Locarno • Seul long-métrage suisse en compétition, le film de Basil Da Cunha, réalisateur et professeur à l'Haute école d'art et de design de Genève (HEAD), est réalisé entièrement dans le quartier de Reboleira, situé dans la périphérie de Lisbonne. (Par Gianfranco Cavalli)

Da Cunha a très tôt connu un certain succès, en 2007, à seulement 22 ans, grâce à son court-métrage O muro. Avec ses productions plus récentes il a été sélectionné trois fois pour participer à la quinzaine des réalisateurs à Cannes, la dernière fois avec son long-métrage Até ver a Luz.

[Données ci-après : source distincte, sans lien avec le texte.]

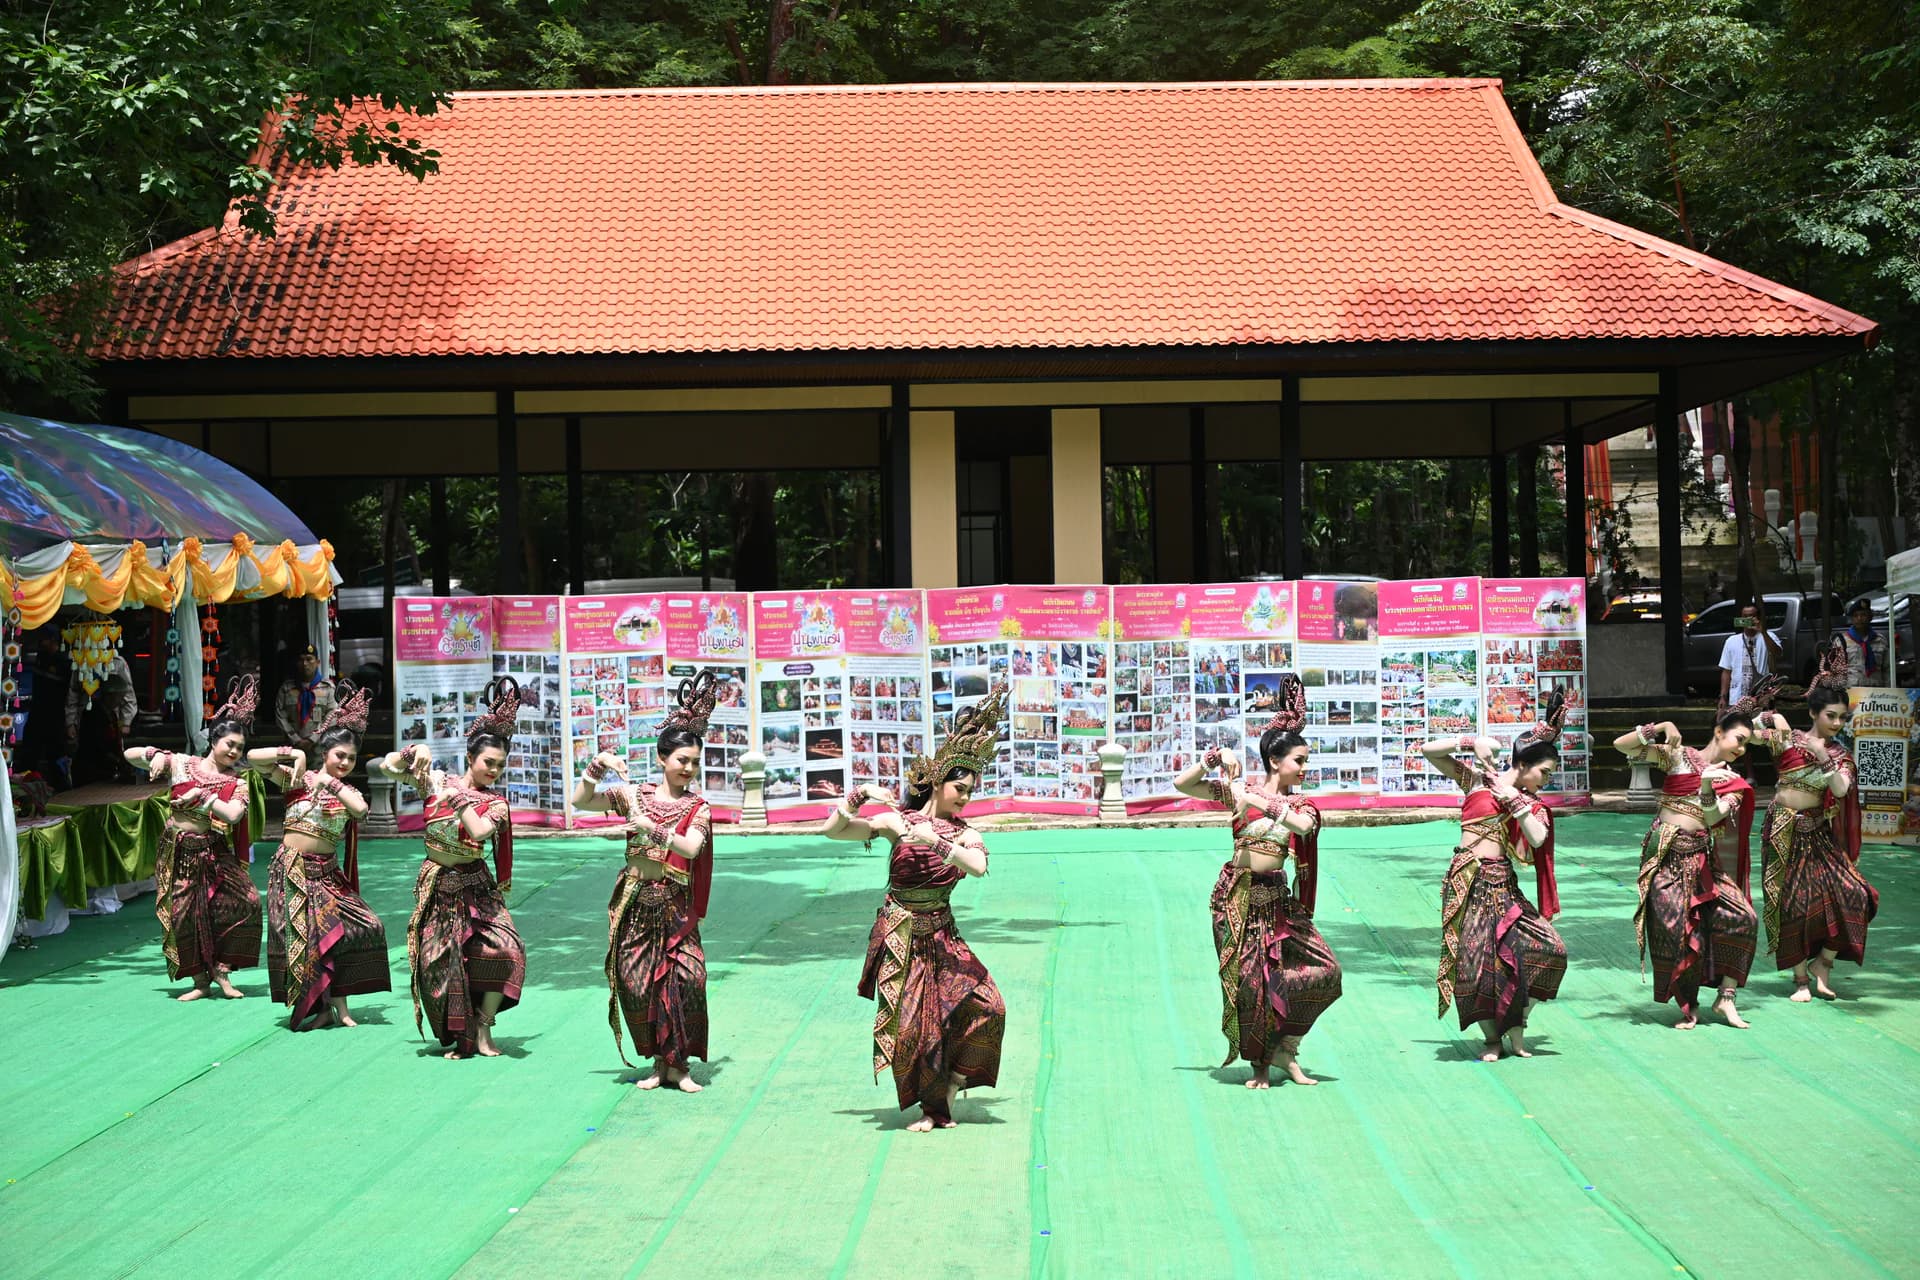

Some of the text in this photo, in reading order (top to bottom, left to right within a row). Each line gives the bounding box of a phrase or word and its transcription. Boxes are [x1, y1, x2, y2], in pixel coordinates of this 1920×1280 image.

[1859, 701, 1898, 712] ไปไหนดี
[1852, 713, 1914, 729] ศรีสะเกษ

Cette fois-ci, avec O fim do mundo, le réalisateur nous fait faire un voyage au sein de le migration cap-verdienne dans le bidonville lisboète de Reboleira, un endroit marginal qu’il connaît personnellement. Basil Da Cunha a vécu plusieurs années dans le quartier. Il définit ce lieu comme sa maison, un endroit destiné à être démoli pour laisser la place à des nouvelles et plus rentables constructions.

Sans acteurs professionnels, le film est tourné à la limite entre réalité et fiction et montre la vie d’un jeune qui, après huit ans passés dans un centre fermé, revient dans son quartier. Il retrouve ses anciens camarades, mais il se voit aussi confronté avec un quartier en train d’être transformé au nom du capitalisme, qui, depuis le centre de Lisbonne se déplace vers les périphéries.

Le jeune protagoniste doit dans ce contexte retrouver sa place, il mène une lutte contre la marginalisation et l’oppression et, en même temps, cherche les repères qui lui permettent de s’identifier, entre ses amis et une histoire d’amour.

«Je désirais faire un film de résistance, la résistance à la modernité. Rendre hommage à un endroit qui va disparaître», dit Da Cunha, un but qu’on peut dire atteint.

D’une brutalité presque poétique, le film essaie de montrer une réalité labile, un univers prêt à disparaître d’un jour à l’autre et, même s’il tombe, en partie, dans les clichés de la violence et de la pauvreté, le film reste un bon exemple des luttes éternelles entre la résistance indomptable de l’humanité et l’apathique destruction du capitalisme.